Flea bites are not the only way the disease can be spread. A human coming into contact with fluids and tissues of an infected animal can catch it, as is likely in the case of the man who died in China. Media there reported that he caught the disease from a dead marmot, a large squirrel.

An infected person could also cough out droplets containing the bacteria and another person breathing in the droplets could be infected by pneumonic plague. This method of transmission requires close contact before a healthy person can catch the disease.

3. The first recorded incidence of widespread plague was the Justinian plague in the 6th century.

Named for the Byzantine emperor Justinian I, the pandemic began in 541AD and recurred periodically for the next 200 years, killing an estimated 100 million people in Europe.

There was another outbreak in the 14th century called the Black Death, which began in China in 1334 and spread along the famous Silk Road to Europe where it killed an estimated 60 per cent of the population.

China was again the source of the third pandemic, the Modern Plague, in the 1860s. It spread to Hong Kong and was taken all over the world by rats which travelled on steamships. This pandemic killed about 10 million people.

But this time, scientists figured out how the plague was being spread and in urban areas, pest control meant that rat-associated plague was brought under control.

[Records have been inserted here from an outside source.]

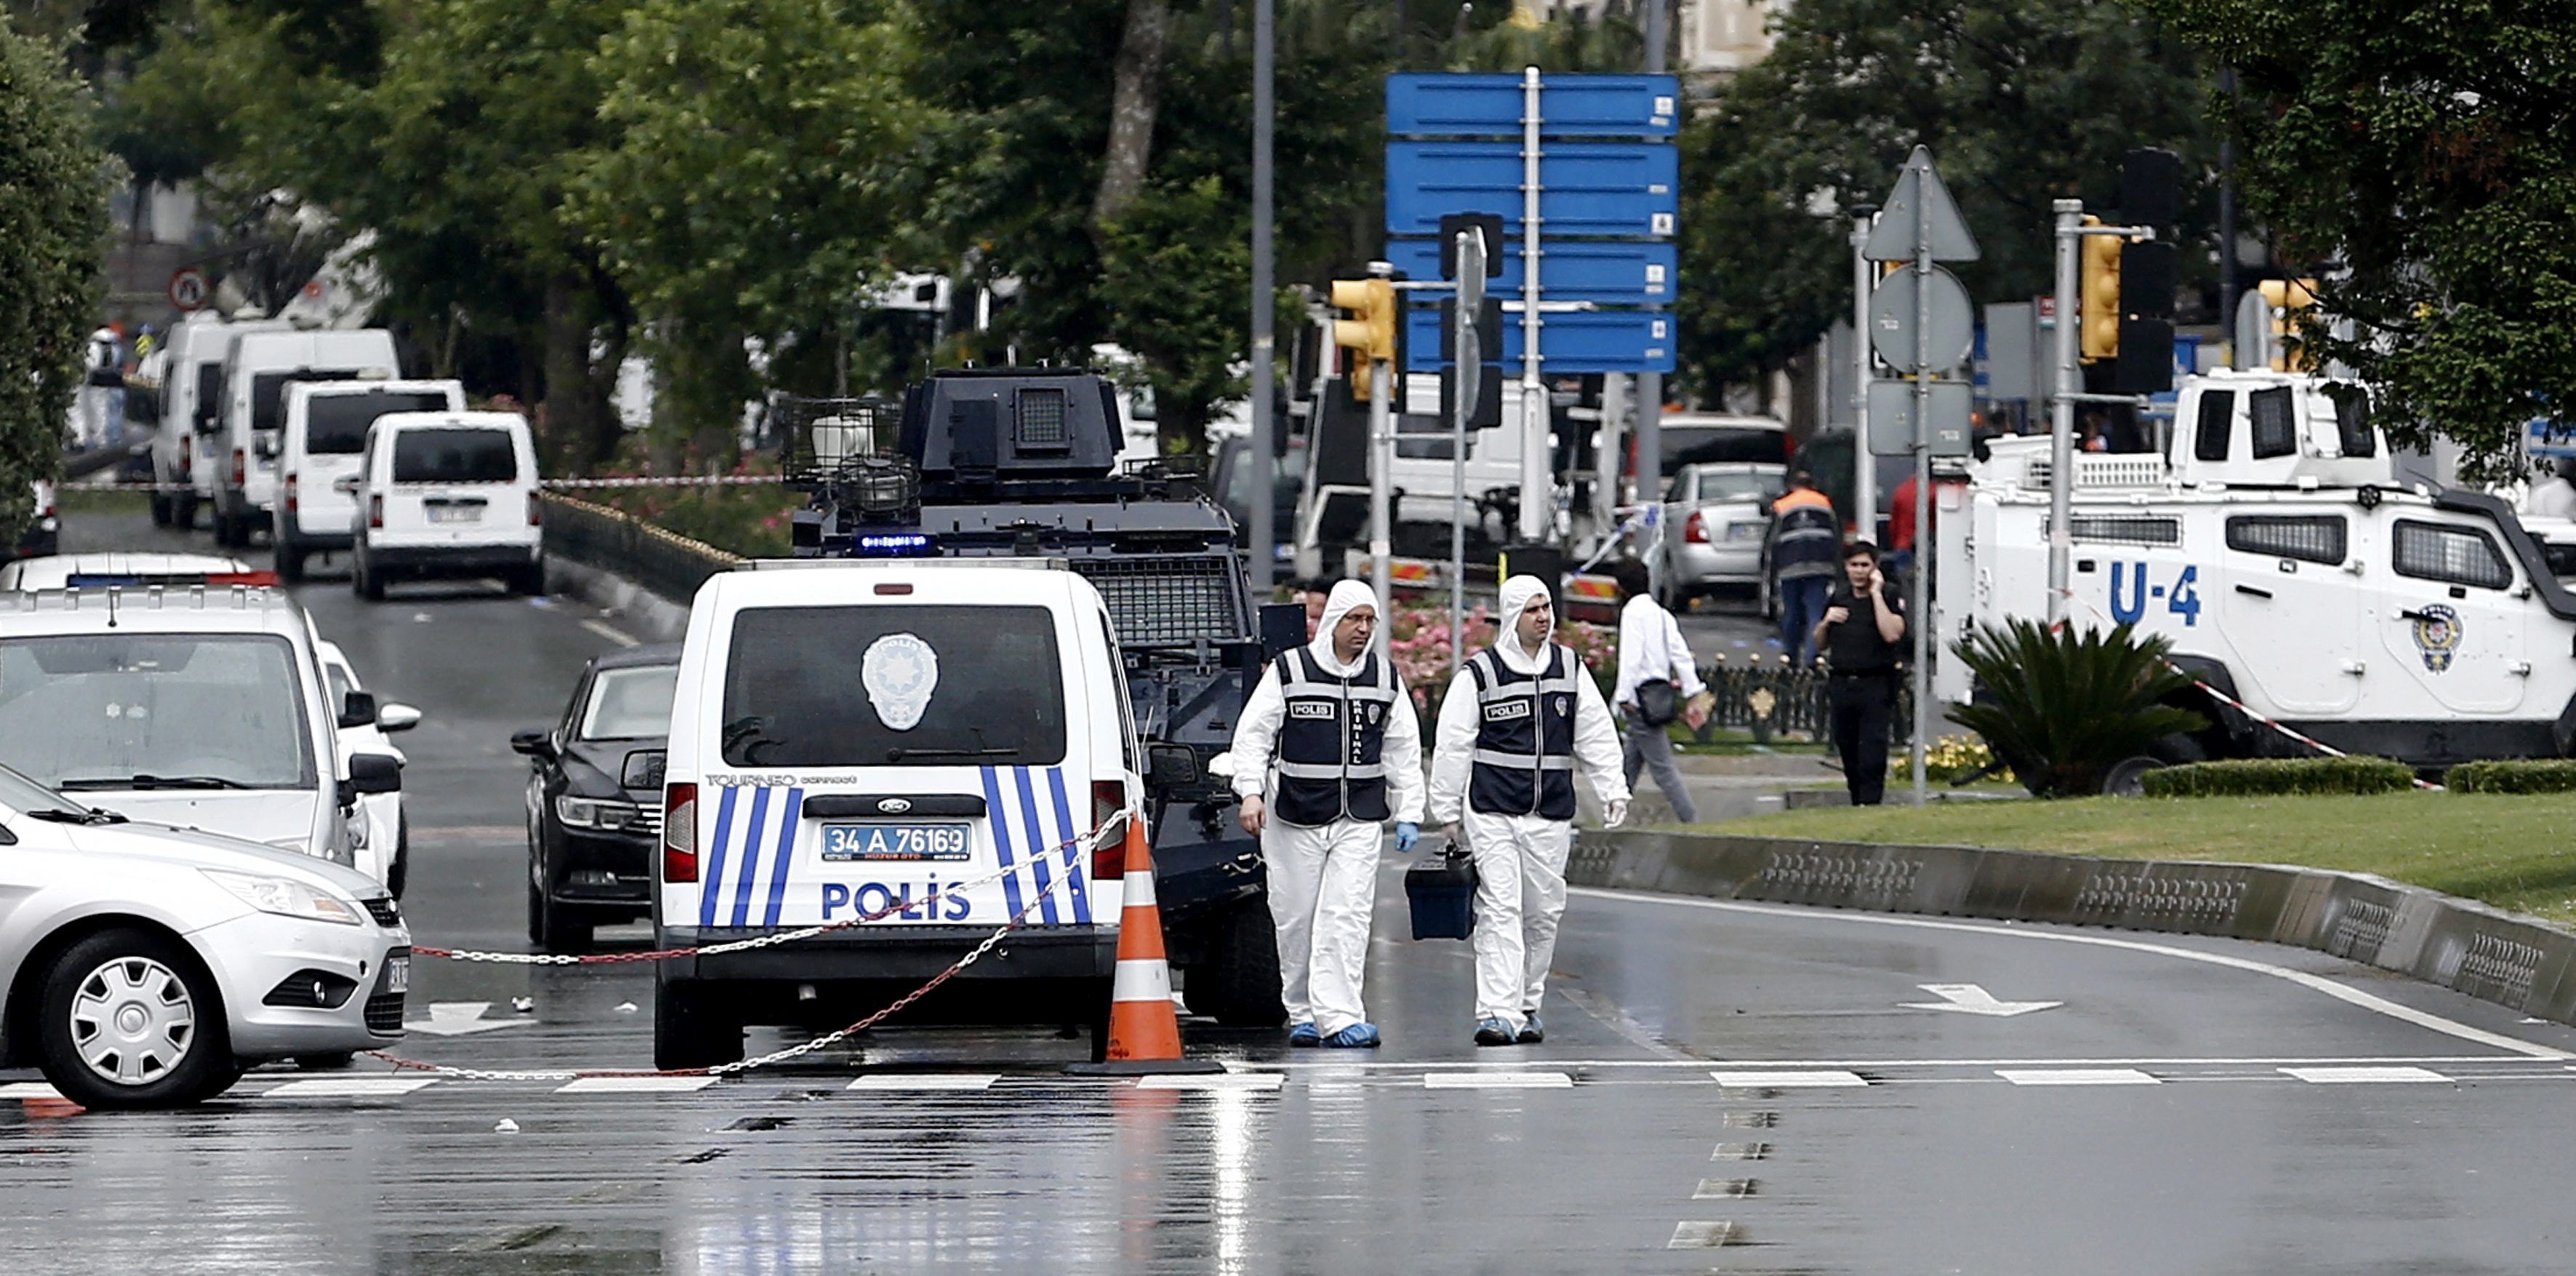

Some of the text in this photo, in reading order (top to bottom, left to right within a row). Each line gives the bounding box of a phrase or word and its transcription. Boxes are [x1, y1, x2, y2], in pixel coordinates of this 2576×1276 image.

[2111, 562, 2200, 626] U-4
[1352, 699, 1363, 763] KRIMINAL
[705, 774, 797, 787] TOURNEO
[831, 829, 963, 852] 34 A 76169
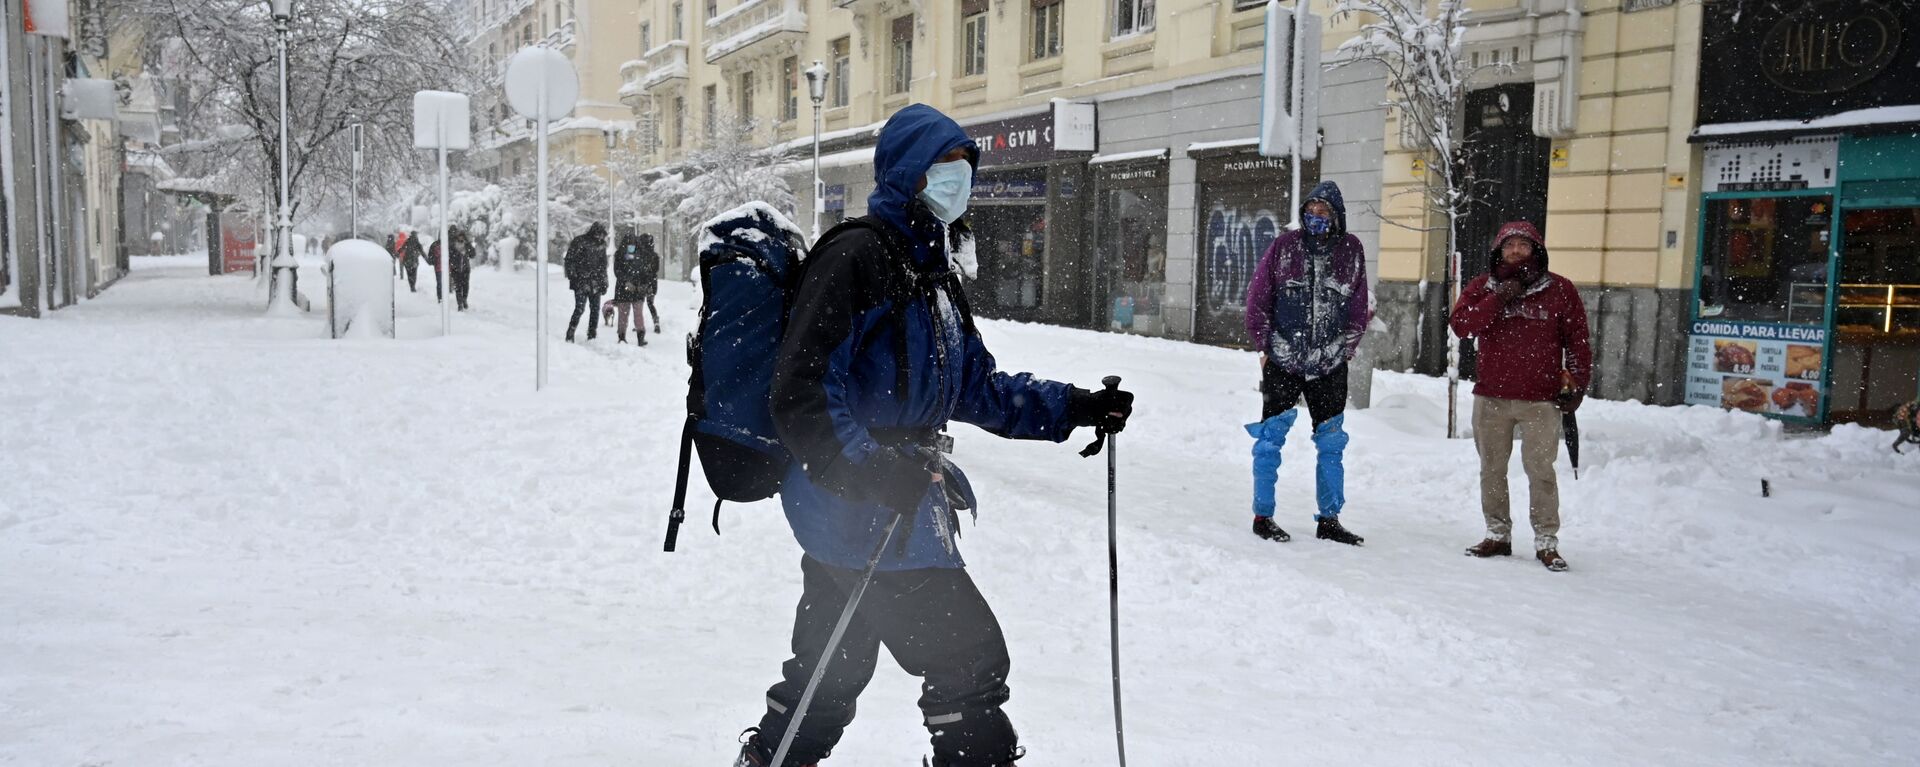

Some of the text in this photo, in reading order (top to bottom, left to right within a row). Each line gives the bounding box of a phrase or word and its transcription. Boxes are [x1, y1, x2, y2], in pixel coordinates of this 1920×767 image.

4. With modern antibiotics and prompt identification of symptoms and treatment, the disease is not fatal.

All plague infections begin with fever, headaches and chills. But patients will then develop other symptoms. Bubonic plague is named for the painful swelling of lymph nodes (also called buboes) experienced by patients.

In the case of septicemic plague, an infected person will suffer bleeding into skin and other organs, and skin and other tissues may turn black and die. Septicemic plague can appear first, or develop from untreated bubonic plague.

Pneumonic plague can develop from both bubonic and septicemic plague after the bacteria spreads to the lungs. It causes the infected person to cough bloody or watery mucous.

5. While associated with historic pandemics, there are still outbreaks of the disease in the modern world.

The World Health Organization tracks outbreaks of the disease and a list of outbreaks since 2001 can be found on its website.

According to WHO, the disease remains endemic "in the tropics and subtropics and in warmer areas of temperate countries". It also notes that "plague may reoccur in areas that have long remained silent".